All pupils at St Mary’s have easy access to their prescribed medication, via the School Office, with prescribed medicines being administered under the guidance of a member of staff. Both Mrs Corbet and Miss Hunt are specially trained to administer medication. Please be aware that when handing in new prescription medication, you will be asked to complete a medication form including details of dosage and timing. This will be stored securely within your child’s file. Please do not send medicine into school in your child’s bag, this must be handed in to the School Office.

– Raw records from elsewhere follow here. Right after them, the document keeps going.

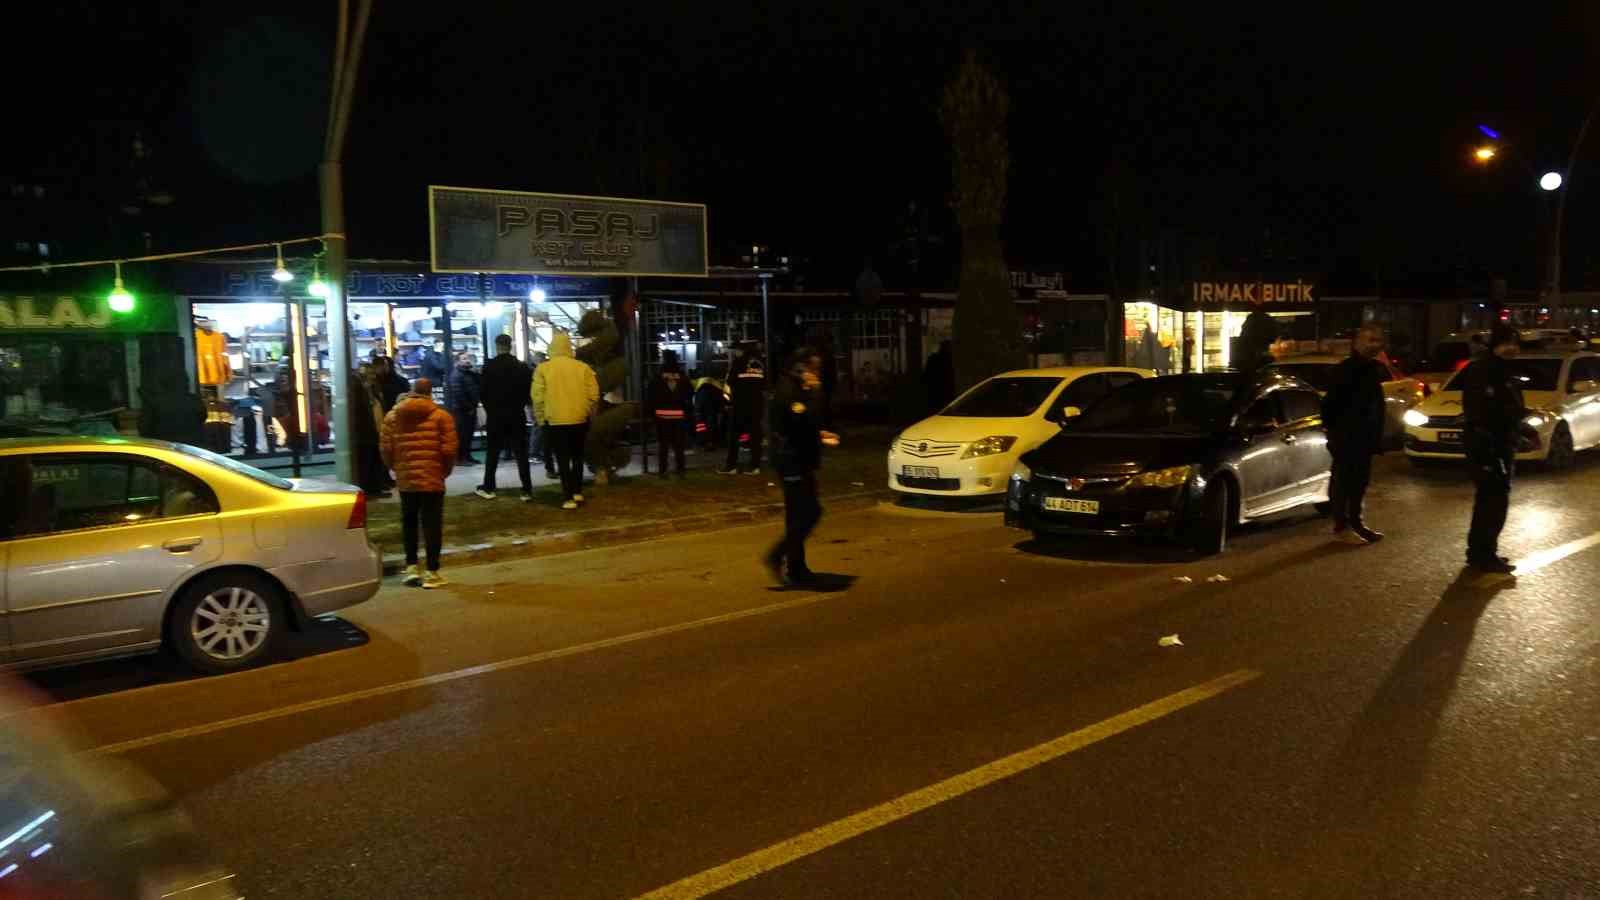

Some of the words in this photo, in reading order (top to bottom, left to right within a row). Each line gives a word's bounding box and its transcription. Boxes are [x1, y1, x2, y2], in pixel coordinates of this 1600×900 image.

[496, 205, 658, 240] PASAJ
[581, 240, 633, 257] CLUB
[376, 275, 426, 294] KOT
[436, 275, 496, 296] CLUB
[1192, 281, 1253, 302] IRMAK
[1263, 278, 1313, 302] BUTİK
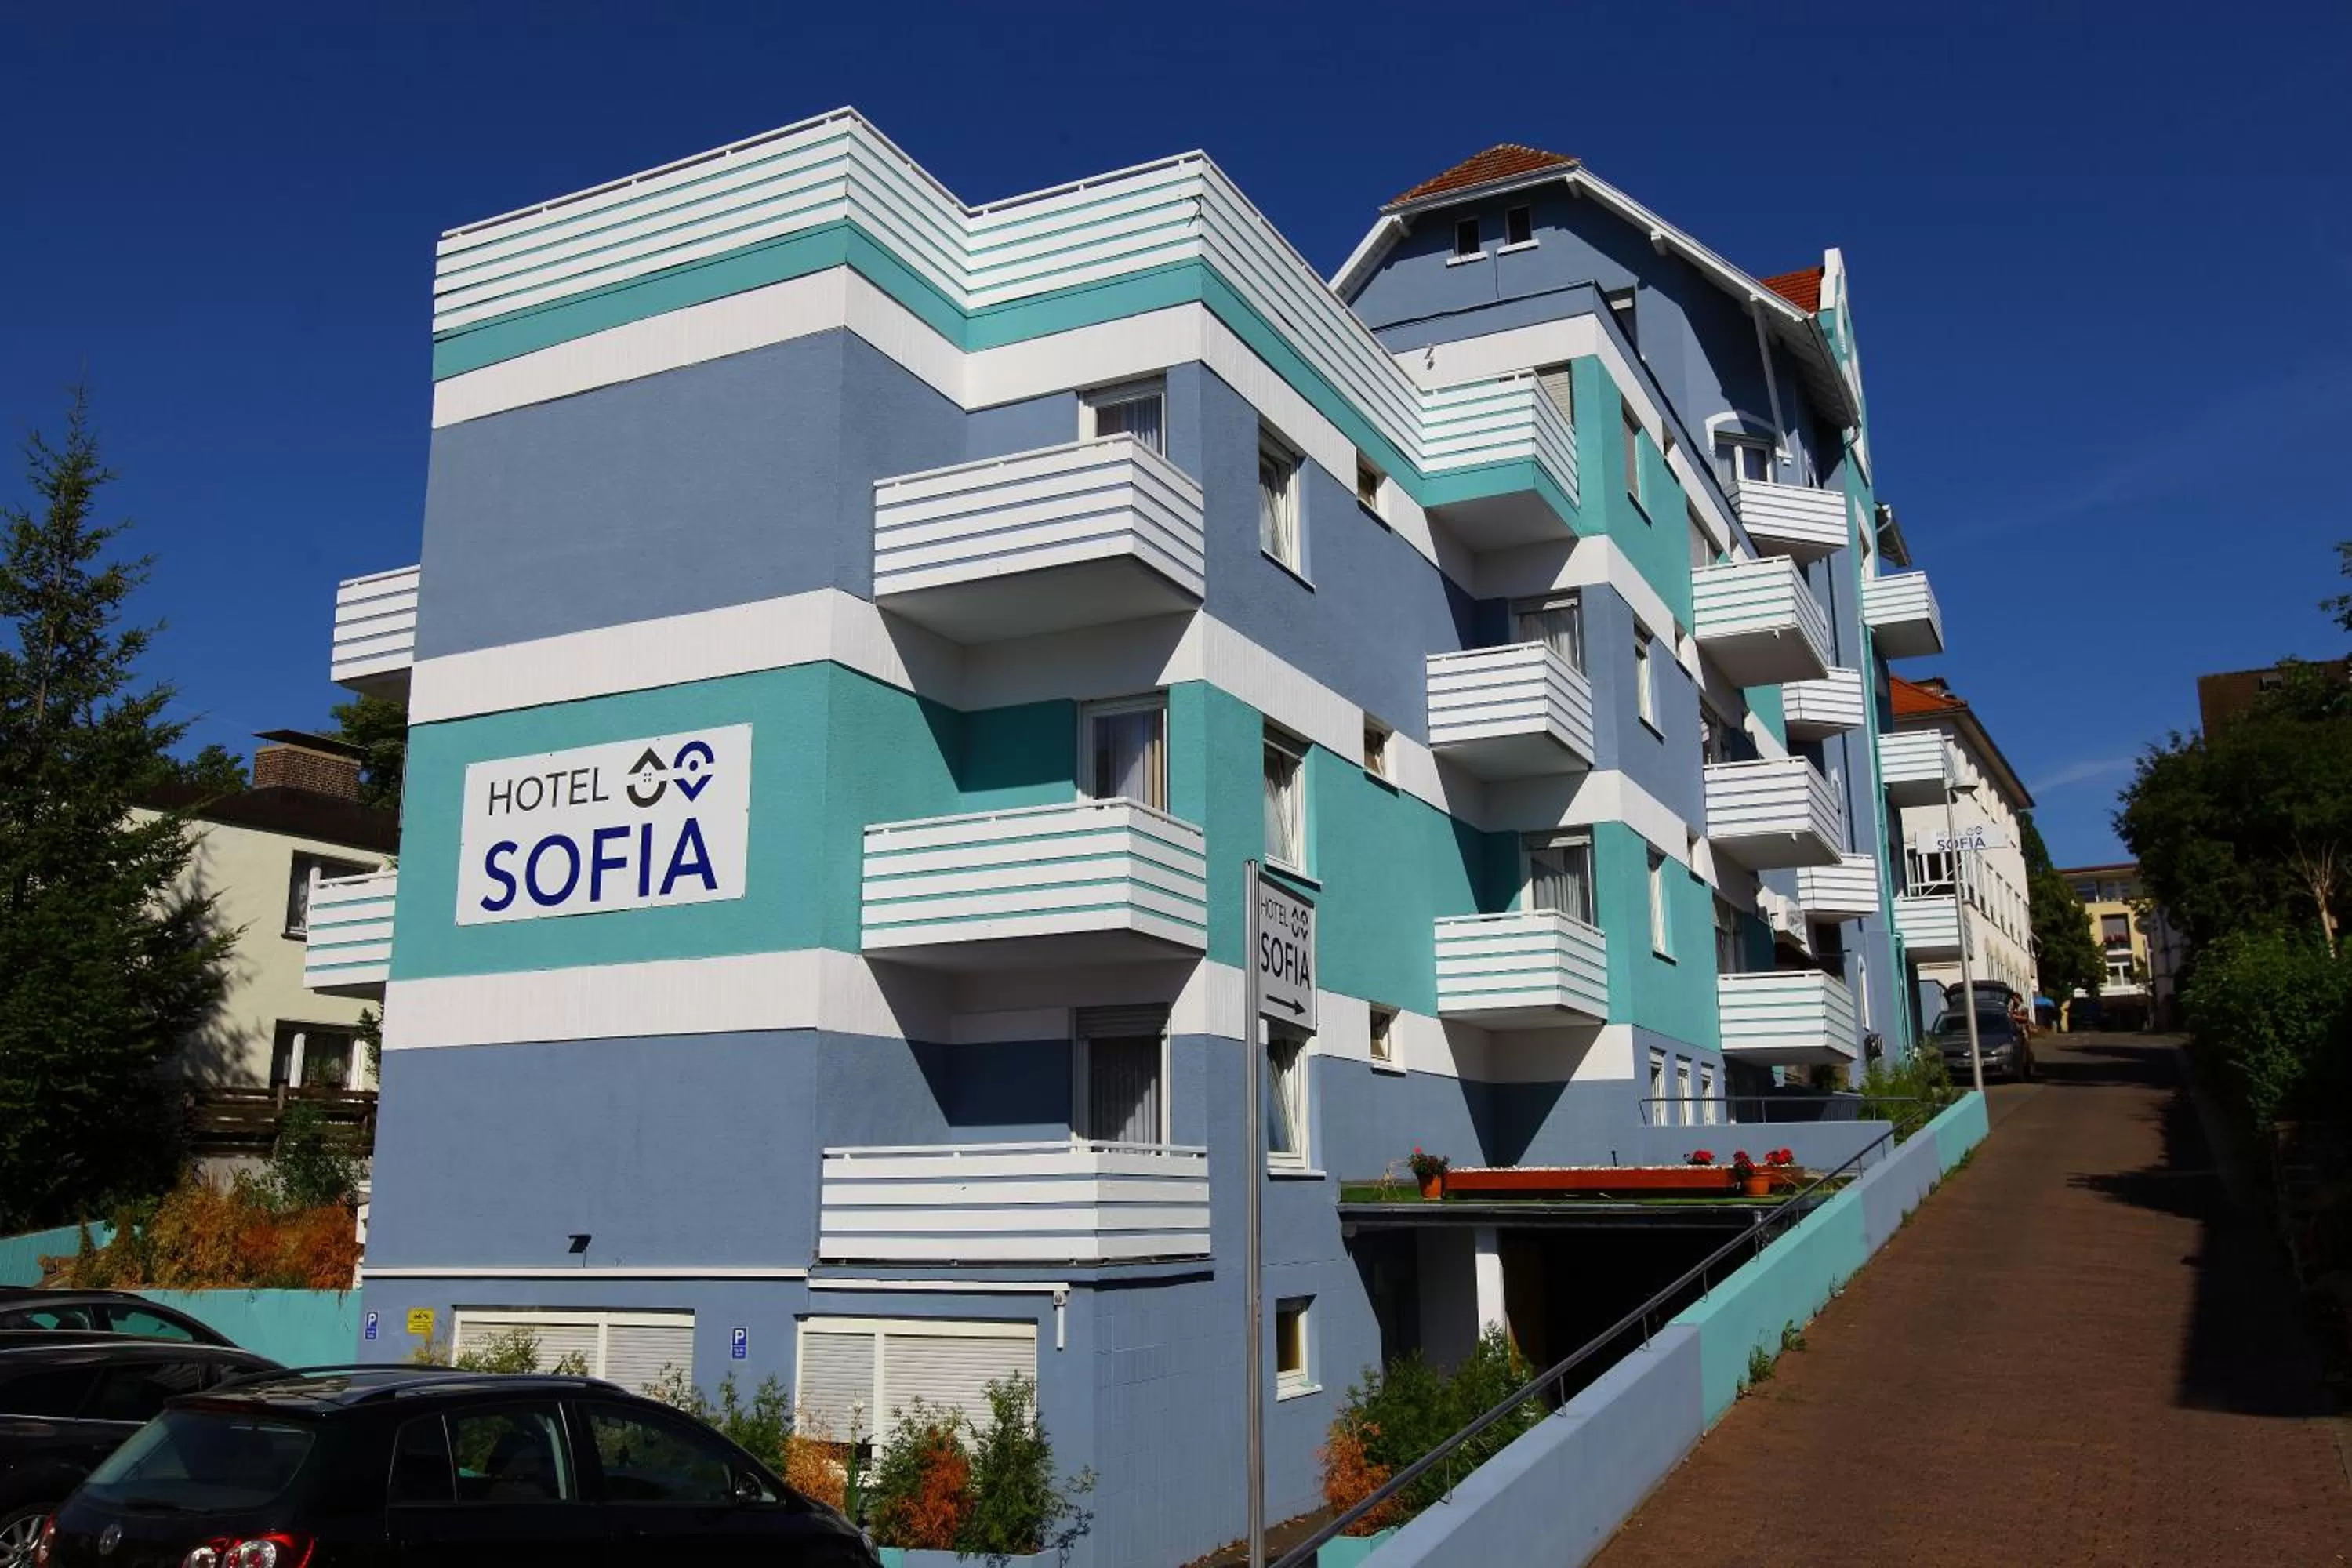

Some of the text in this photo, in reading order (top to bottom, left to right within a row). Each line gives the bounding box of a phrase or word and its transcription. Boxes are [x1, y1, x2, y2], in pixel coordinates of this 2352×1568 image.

[488, 767, 609, 816] HOTEL
[1937, 837, 1986, 851] SOFIA
[480, 817, 718, 912] SOFIA
[1260, 895, 1289, 927] HOTEL
[1261, 931, 1312, 991] SOFIA
[735, 1329, 745, 1344] P

Occasionally, we will administer Calpol, Nurofen or Piriton for minor illnesses. Children are assessed prior to being given non-prescription medication and these are only suggested and given if we feel that it may help ease minor symptoms or ailments to allow a child to continue to enjoy their day. If we feel that these are needed, we will always contact you before administering these for consent.


Where possible, we discourage parents from requesting that non-prescribed medicines such as Calpol are given routinely throughout the day. We assess the welfare and wellbeing of any child prior to suggesting non-prescription medication, and will only recommend its use as and when required. A lot can change throughout the school day, headaches, coughs and colds can ease and often children are able to happily overcome minor symptoms and ailments when distracted and having fun. We will always chat with a child and their teacher and/or support team to assess whether they need non-prescribed medicine before administering this.



Sun Protection

Over the warmer months, please ensure that your child brings a sun hat to school with them. Please apply a long lasting sun cream in the morning before school. If you would like your child to reapply this at lunch time, please provide a named bottle to be left at school. 



Emergency Contacts

It is vital that we have up to date contact numbers for parents in case we need to contact you because your child is unwell or they have had an accident. In addition to this it is essential that we have an up to date emergency contact number (a neighbour, friend or relative) in case we cannot contact you. If telephone numbers or emergency contacts change, please ensure that you notify the School Office at your earliest convenience.